Il faudra pourtant que ces deux peuples cohabitent dans un petit coin d’Allemagne, avec Pétain, Laval et ceux d’ »en haut » installés au château des Hohenzollern ; pendant huit mois, ils vivront d’ennui, de ragots, de détestations, de guerre intérieure, sous les yeux des Allemands dont on a réquisitionné le château et la ville pour les loger.
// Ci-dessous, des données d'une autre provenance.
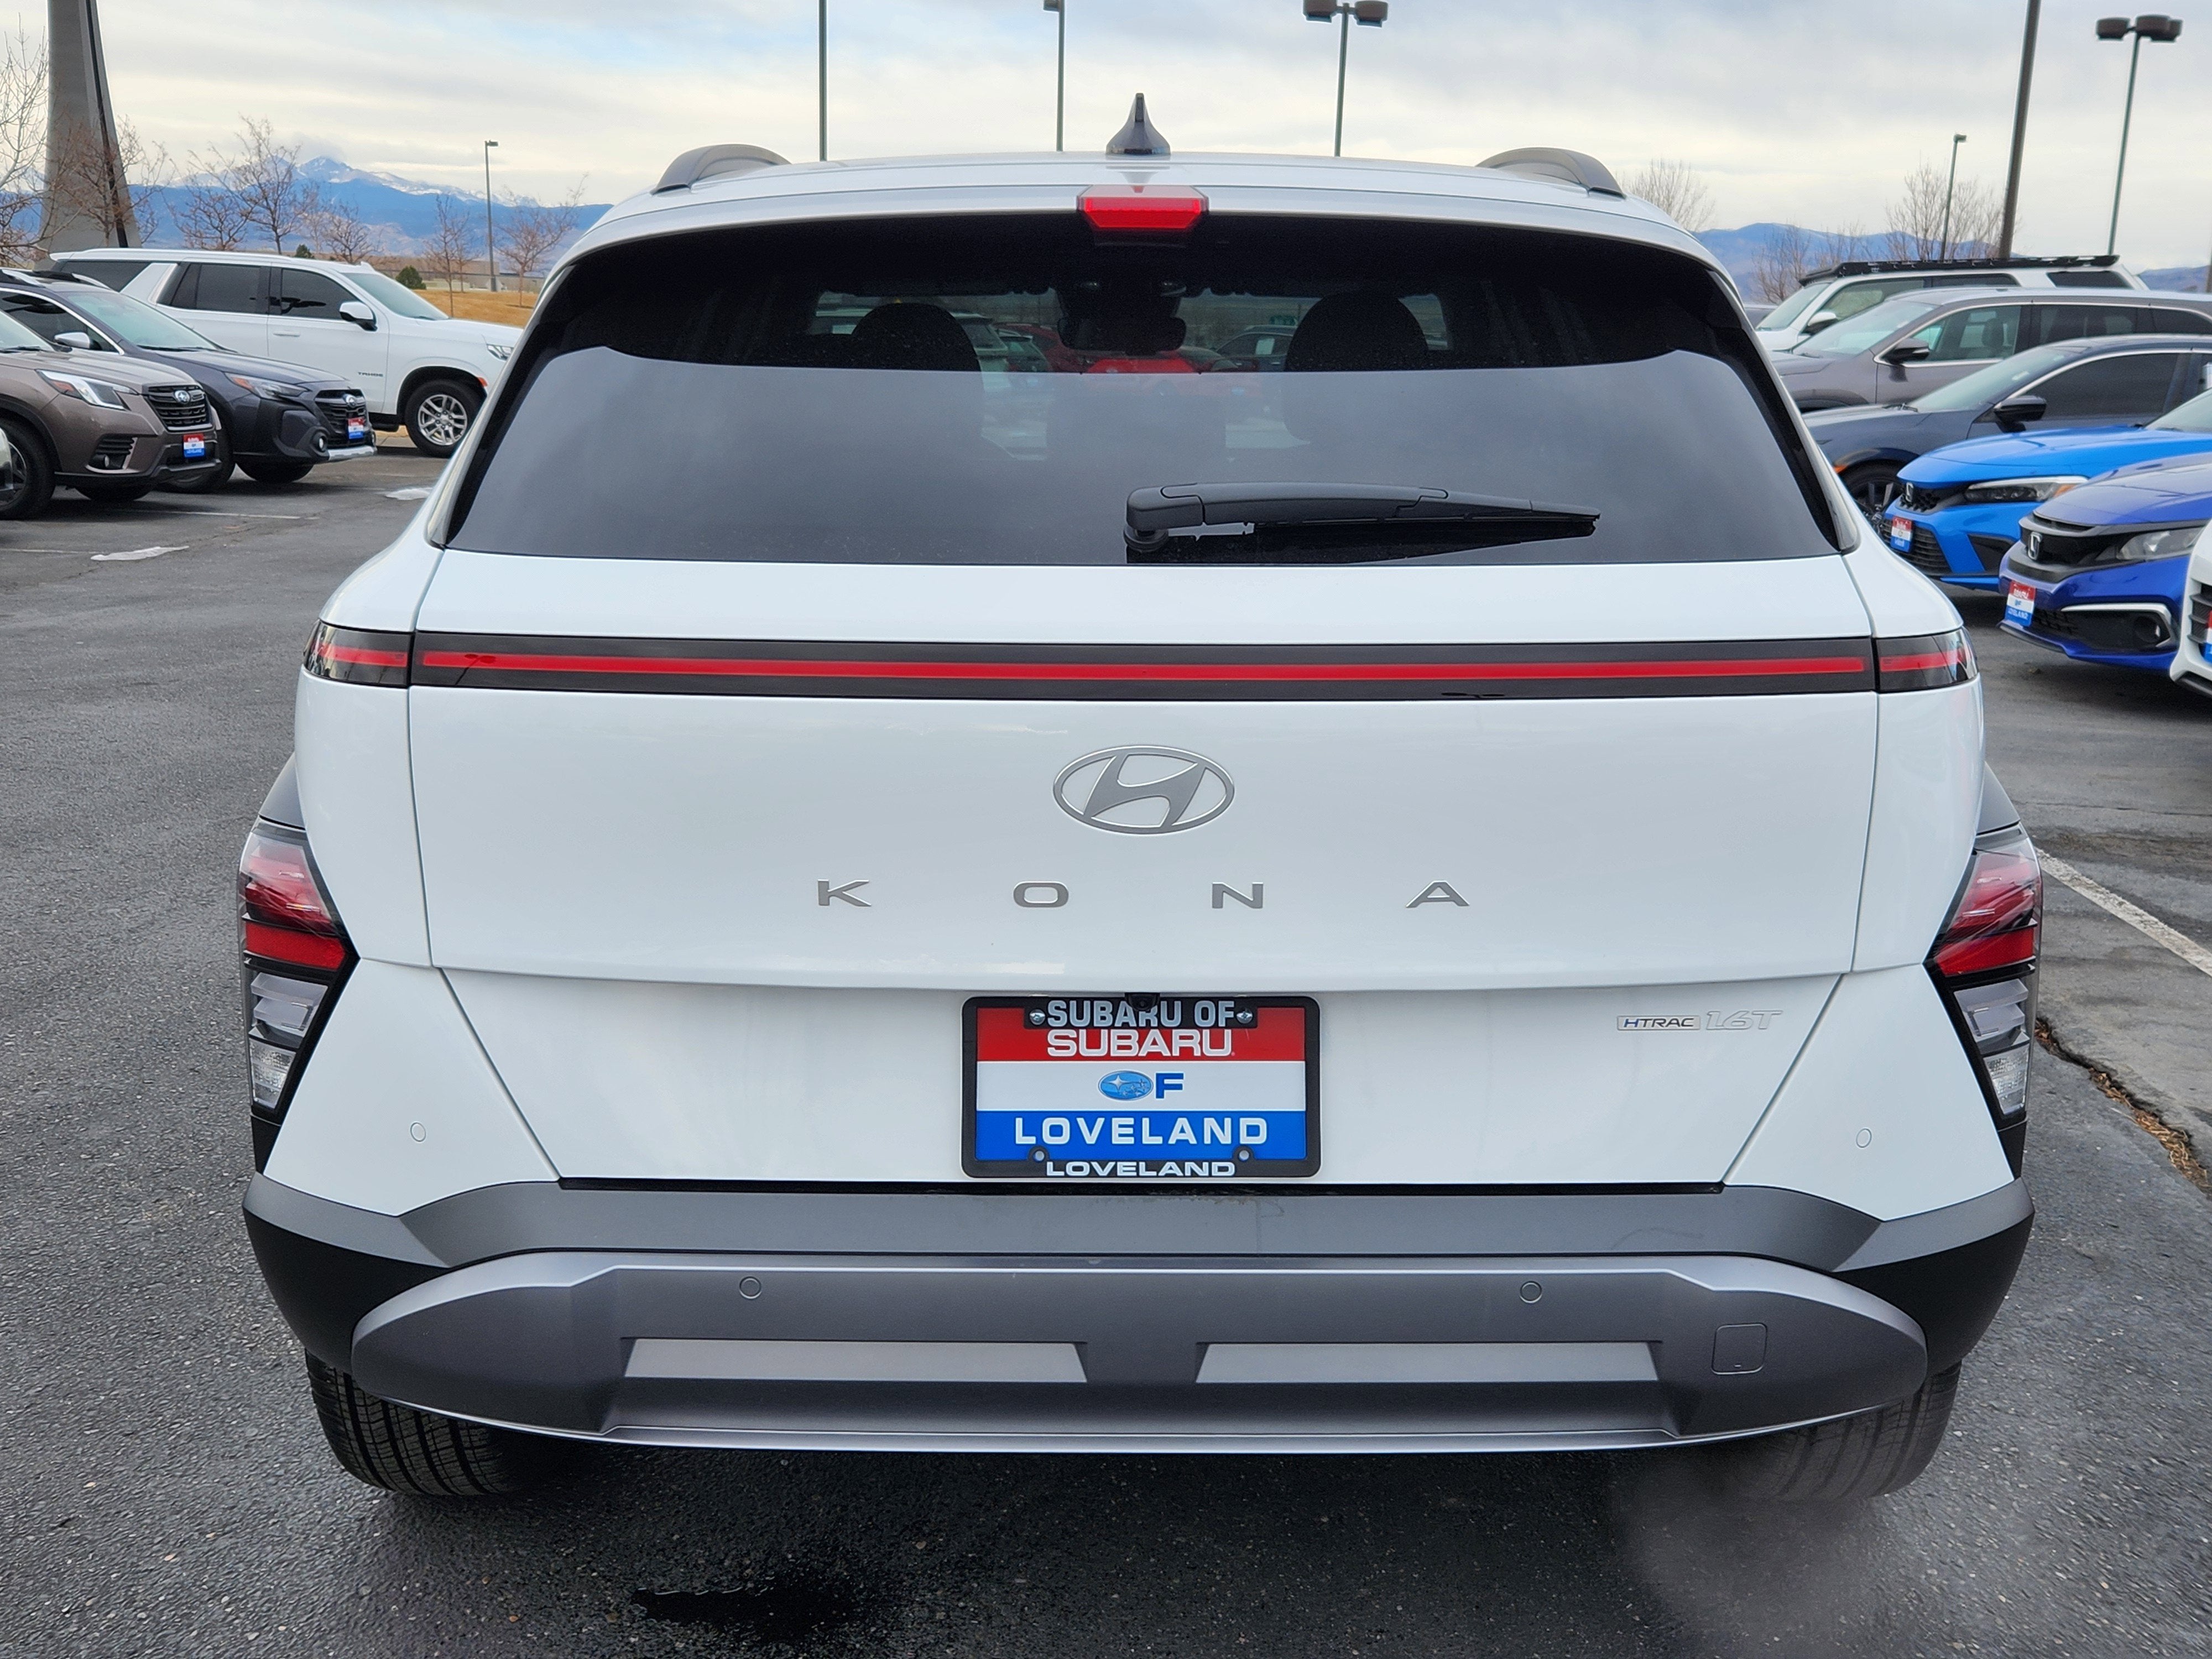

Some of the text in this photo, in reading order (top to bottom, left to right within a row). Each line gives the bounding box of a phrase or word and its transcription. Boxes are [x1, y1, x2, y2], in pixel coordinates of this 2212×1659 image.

C’est ce que Marcel Déat, ministre du Travail appellera la  « sigmaringite » et que soignera Céline, ce bon docteur Destouches, « venu ici parce que les terroristes m’ont foutu la mitraillette au cul. » En bas, dans la ville, vit le reste des Français, ou plutôt survit en se nourrissant de « pâté de choux rouges, rutabagas, misérables pommes de terre, eau du robinet glacé.  »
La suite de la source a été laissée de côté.